**THE DATA:**
**********

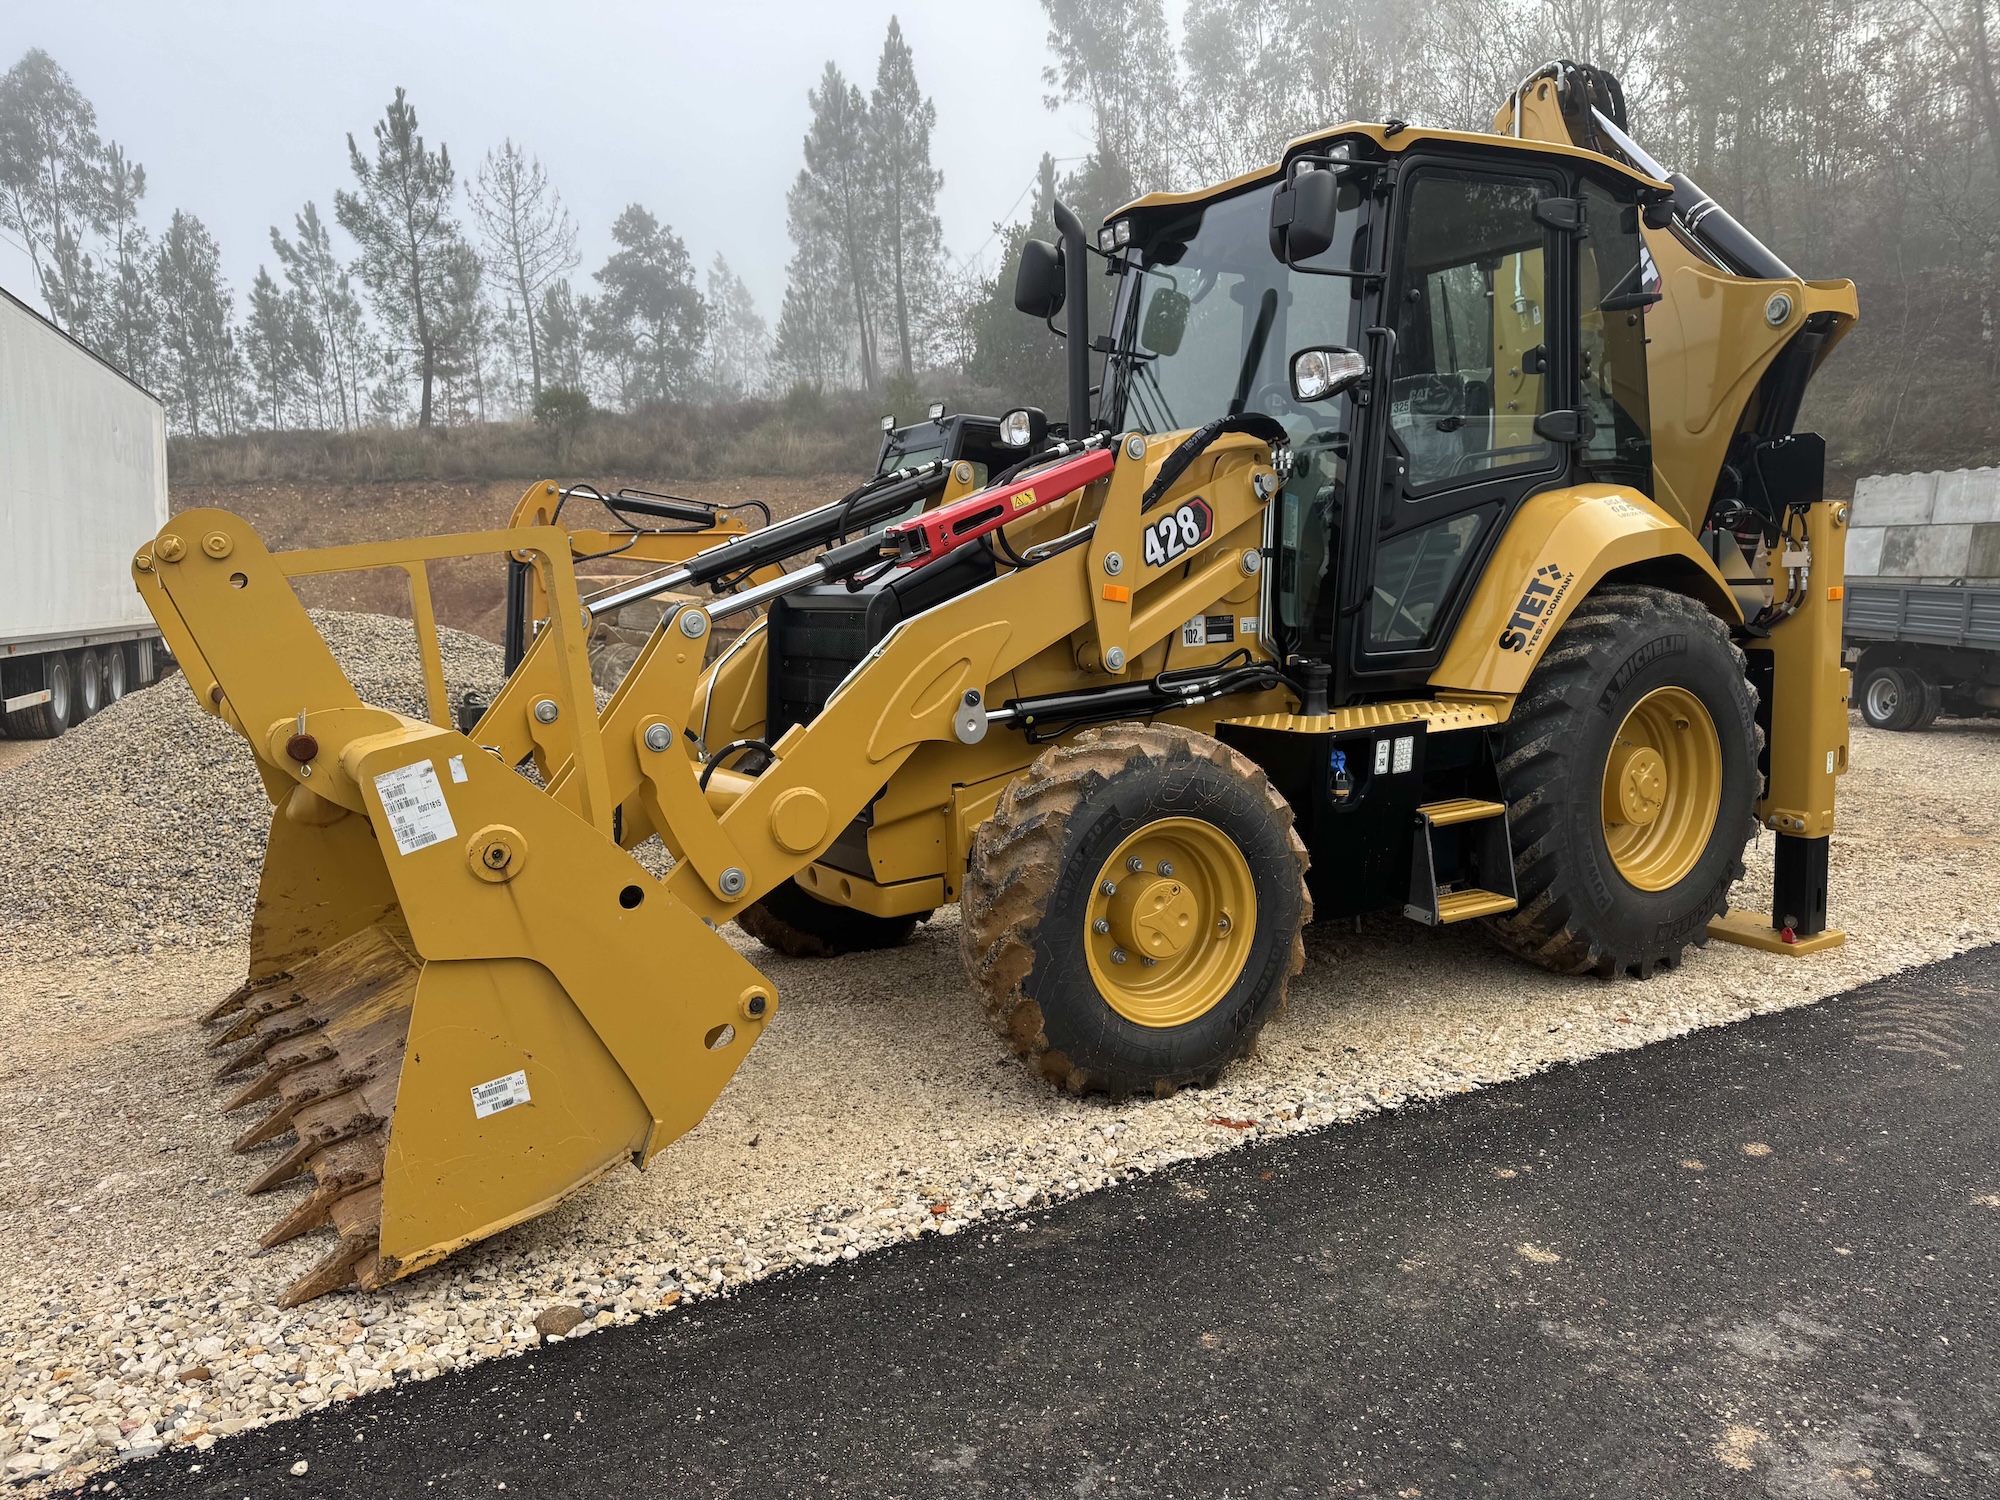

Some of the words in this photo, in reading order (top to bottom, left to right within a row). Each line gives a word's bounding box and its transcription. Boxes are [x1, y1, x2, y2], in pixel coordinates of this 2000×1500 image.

[1393, 401, 1409, 413] 325
[1409, 387, 1430, 402] CAT
[1145, 505, 1200, 565] 428
[1499, 577, 1555, 652] STET
[1546, 572, 1574, 616] COMPANY
[1184, 629, 1198, 644] 102
[1616, 635, 1687, 690] MICHELIN
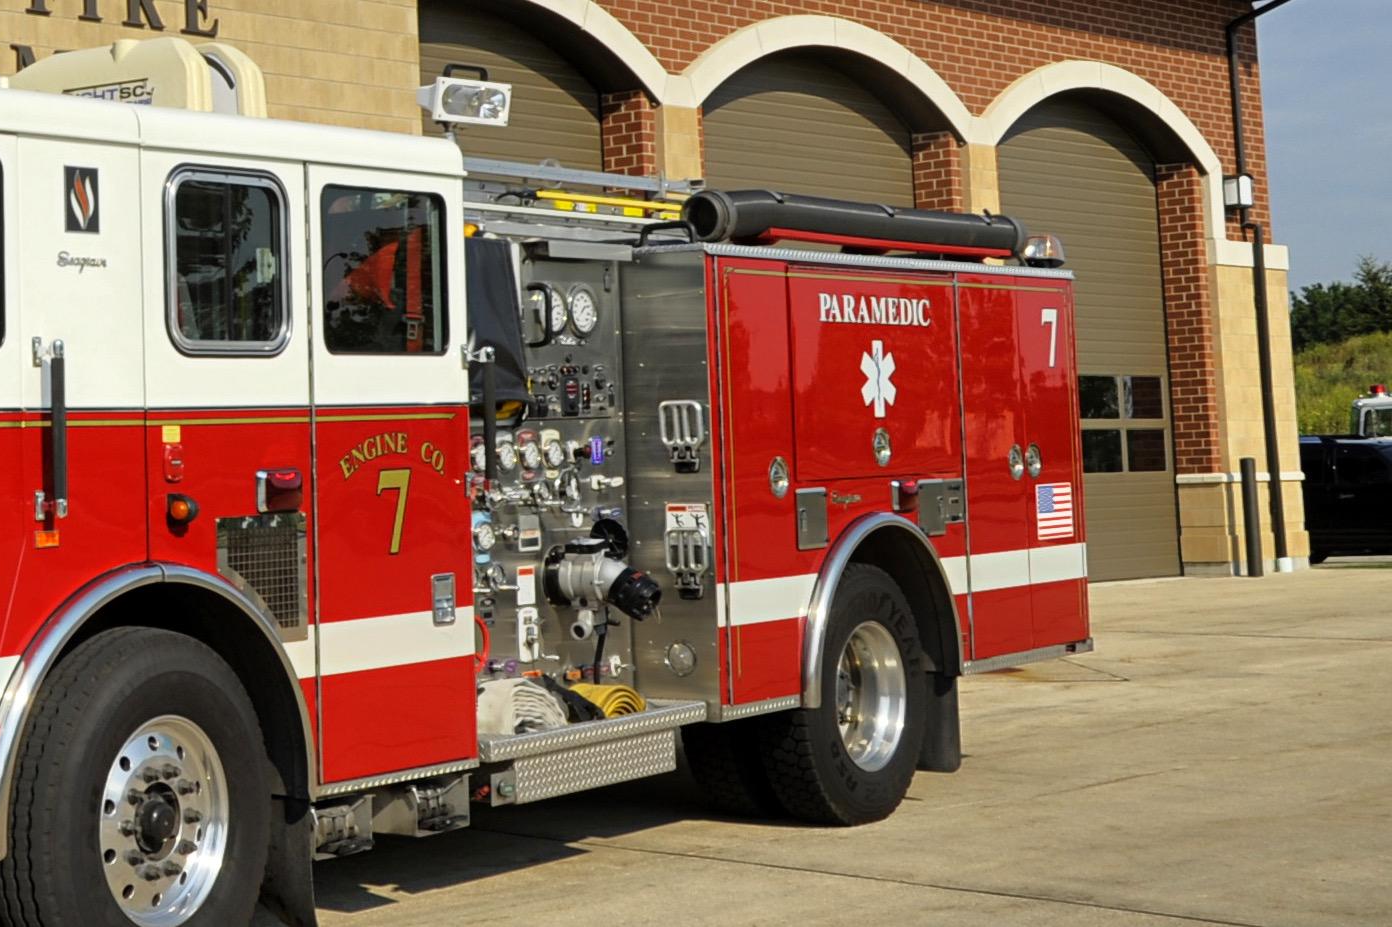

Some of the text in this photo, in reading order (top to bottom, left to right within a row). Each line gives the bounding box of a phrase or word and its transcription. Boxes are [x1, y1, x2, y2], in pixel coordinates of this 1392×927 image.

[818, 293, 931, 327] PARAMEDIC
[1040, 308, 1057, 368] 7
[339, 432, 446, 479] ENGINE CO.
[376, 467, 412, 554] 7

**********

**TRY IT:**
Each line of the data above must be reproduced as written. Skip the pictures.

**WORKED SOLUTION:**
Some of the words in this photo, in reading order (top to bottom, left to right within a row). Each line gives a word's bounding box and its transcription. Boxes are [x1, y1, x2, y2], in pixel coordinates of this 2000×1500 image.

[1393, 401, 1409, 413] 325
[1409, 387, 1430, 402] CAT
[1145, 505, 1200, 565] 428
[1499, 577, 1555, 652] STET
[1546, 572, 1574, 616] COMPANY
[1184, 629, 1198, 644] 102
[1616, 635, 1687, 690] MICHELIN

Some of the text in this photo, in reading order (top to bottom, left to right within a row). Each line gives the bounding box of a phrase or word and its transcription. Boxes are [x1, y1, x2, y2], in pixel coordinates of this 1392×927 image.

[818, 293, 931, 327] PARAMEDIC
[1040, 308, 1057, 368] 7
[339, 432, 446, 479] ENGINE CO.
[376, 467, 412, 554] 7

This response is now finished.